"Petit papier indigne", une lettre de BMK

Bernard-Marie Koltès, lettre à Madeleine Camparto, le 23 novembre 1978.

J’ajoute ce petit papier indigne pour te demander, au cas où 1° tu aies le temps, 2° que tu sois à Paris le 23, de voir si tu ne peux pas collecter une partie des renseignements ci-dessous, qui ne sont eux-mêmes qu’une petite partie de la documentation pour laquelle je n’aurai qu’une journée à Paris, ce qui sera fort court.

Cependant, ce qui ne sera pas fait ne sera, comme je viens de le dire et au risque de me répéter, pas fait. Il s’agit des éléments suivants :

 liste de jeux de cartes se jouant à deux (ou à trois s’il n’y en a pas)

 liste d’annonces (non chiffrées) de ces mêmes jeux

 liste de points de broderie et de couture

 taux d’alcoolémie d’une ivresse moyenne et taux maximum supportable

 liste de capitales africaines, noms avant la décolonisation et noms après (date de l’indépendance si possible)

 jeu de fléchettes : système de chiffrage (de 1 à 12 ou de 10 à 100)

 quel est le nom anglais de John Craindorge (métaphore du whisky, cf. London, La taverne de la dernière chance)

 liste de matériel ecclésiastique, les drôles (genre surplis, patène, etc.) exception faite des plus courants

Le plus important :

 un catalogue détaillé (noms et prix) de feux d’artifice (Ruggieri ou autre). Suis surtout intéressé par les noms donnés aux différents modèles.

 liste de couleurs la plus complète possible, en excluant les noms composés (ex : vert émeraude...), surtout les tons : rouges, bleus, verts, violets, pastels + deux ou trois noms de cockails doux (genre Alexandra) avec composition.


Patricia Duquenet-Kramer : "Un théâtre de l’insolence poétique : le bloc didascalique dans les pièces de Bernard-Marie Koltès"
©revue Etudes théâtrales, université de Louvain, décembre 2000).

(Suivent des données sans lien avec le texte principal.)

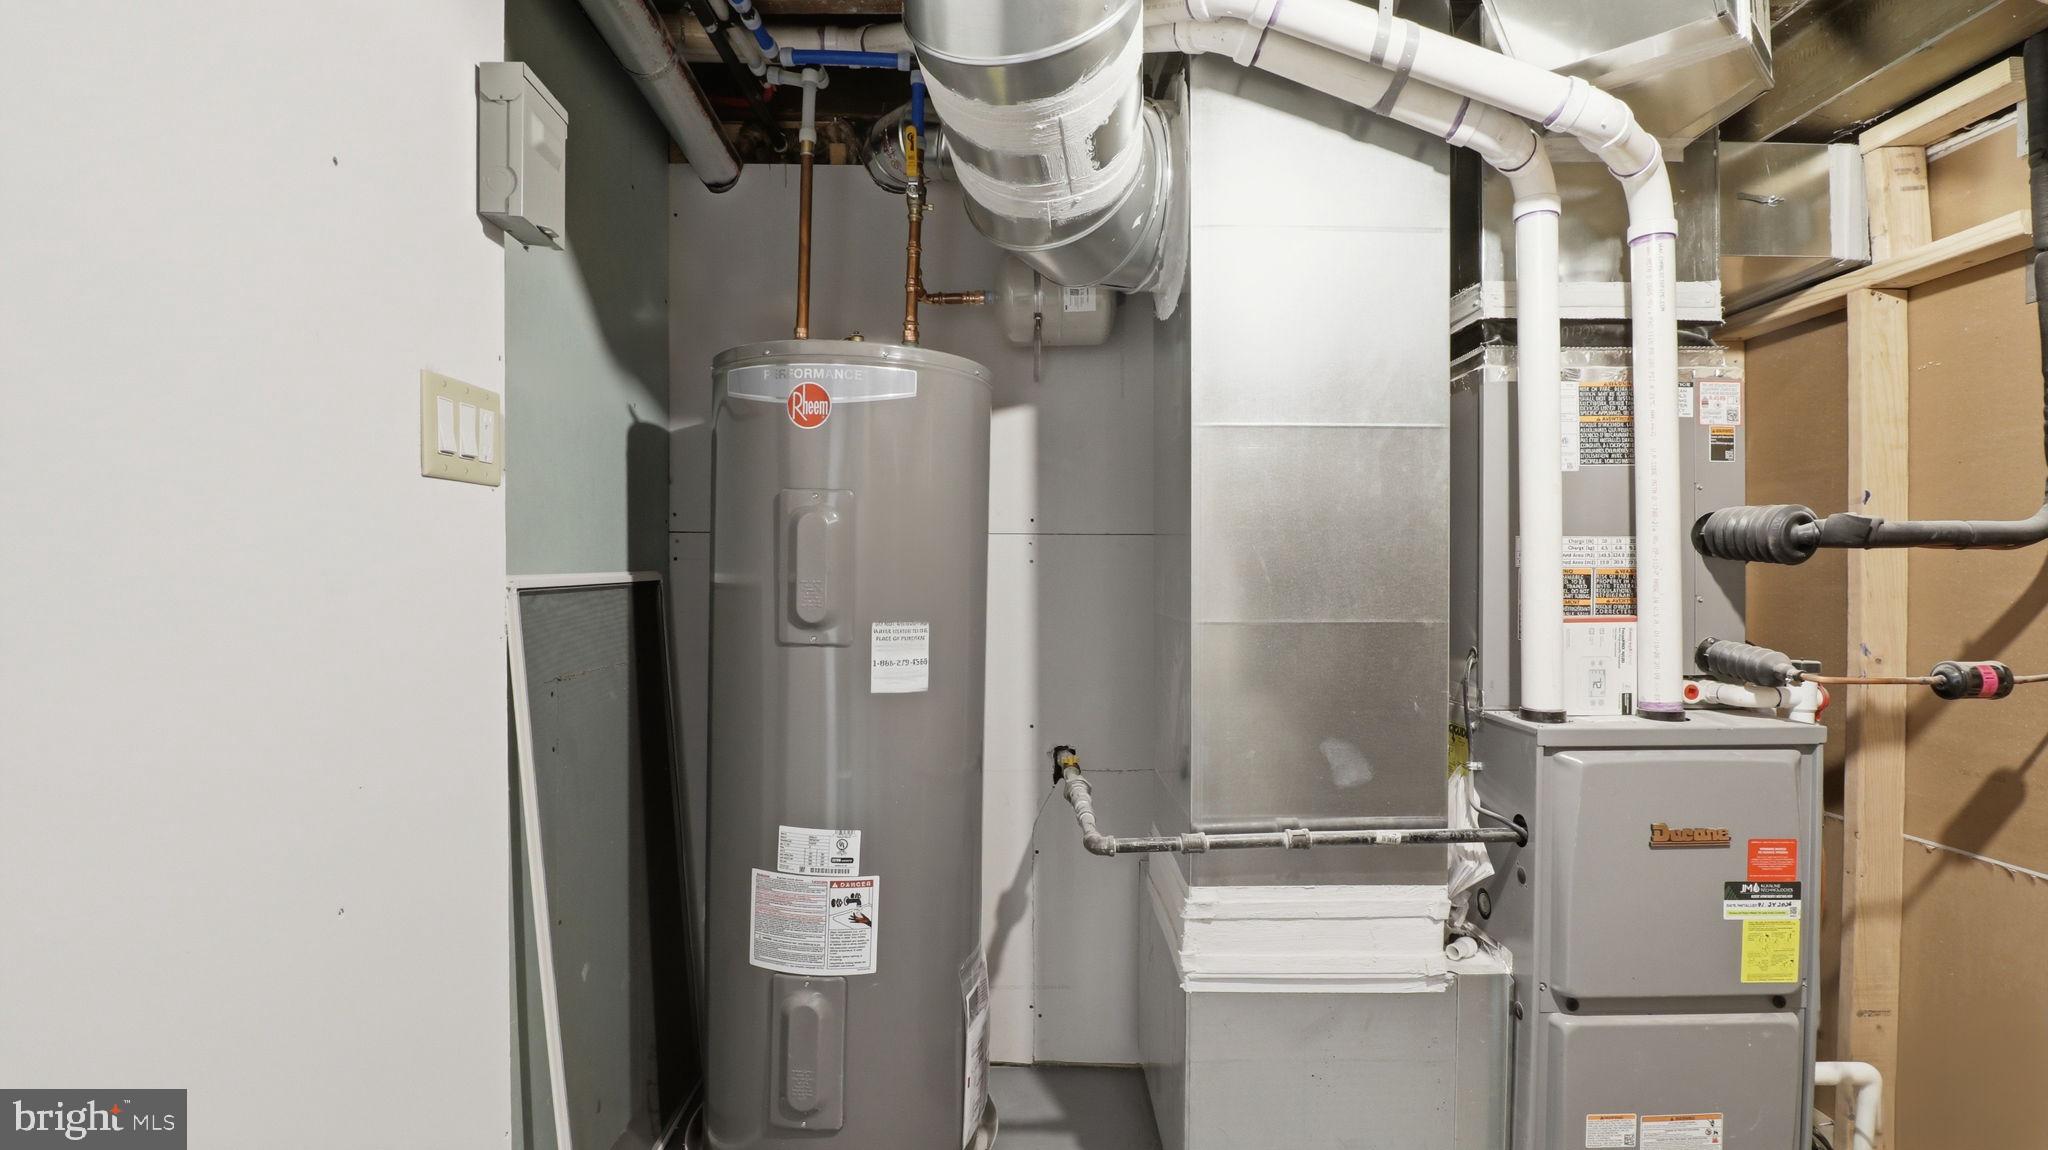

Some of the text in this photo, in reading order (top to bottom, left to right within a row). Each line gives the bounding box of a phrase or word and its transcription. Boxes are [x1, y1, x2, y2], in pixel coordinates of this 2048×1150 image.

Même dans les pièces dites de la maturité, Koltès garde un goût prononcé pour une sorte de "recyclage" fictionnel, voire intertextuel, qui consiste à fabriquer du neuf avec du vieux : si on examine par exemple les noms que portent les personnages de Combat de nègre et de chiens, dont l’action se situe "Dans un pays d’Afrique de l’Ouest, du Sénégal au Nigeria, un chantier de travaux publics d’une grande entreprise étrangère", on est d’abord frappé par leur étrangeté : "Horn, soixante ans, chef de chantier, ALboury, un noir mystérieusement introduit dans la cité, Léone, une femme amenée par Horn." Cette dernière est la seule à évoquer une impression de "déjà entendu" : Léonne/Lionne. "Cal, la trentaine, ingénieur". Koltès ne donne pas d’autre indication "didascaliquement directe" sur les personnages. Par contre il semble donner quelques pistes dans les didascalies page 8 ("le chaCAL fonce sur une carcasse mal nettoyée, arrache précipitemment quelques bouchées, mange au galop, imprenable et impénitent détrousseur, assassin d’occasion... Pendant le long étouffement de victime, dans une jouissance méditative et rituelle, obscurément, la LIONNE se souvient des possessions de l’amour"). Pourtant j’ai tout lieu de penser que ces noms sont eux aussi le produit d’un jeu de reconstruction. Quand il travaillait à une pièce, Koltès rassemblait beaucoup de documentation, ici en l’occurrence sur des noms de couleurs, et, accessoirement, dans la même lettre, il demande à vérifier les noms de personnages de l’édition originale d’un roman de Jack London : La taverne de la dernière chance. Il s’agit de John Barleycorn. Et hormis un "u" qui manque, on peut composer les quatre noms à partir des lettres contenues ici :

joHn barleycORN —>HORN

john bArLeyCorn —>CAL

john barLEycOrN —>LEONE

john BARLeYcOrn —>ALBOURY

Dans Retour au désert, l’ambigïté du jeu entre réel, fiction et matériau intertextuel est pour ainsi dire levée, car les éléments de concret retravaillé sont si ouvertement présent qu’ils "crèvent les yeux", à tel point d’ailleurs qu’on finit par ne plus les voir. Inutile donc - bien que ce soit tentant - de se livrer à de profondes et savantes réflexions sur les évocations mythiques suscitées par l’image du serpent, puisque le notable s’appelant Serpenoise doit son nom tout simplement à une rue de Metz, la ville natale de Bernard-Marie Koltès.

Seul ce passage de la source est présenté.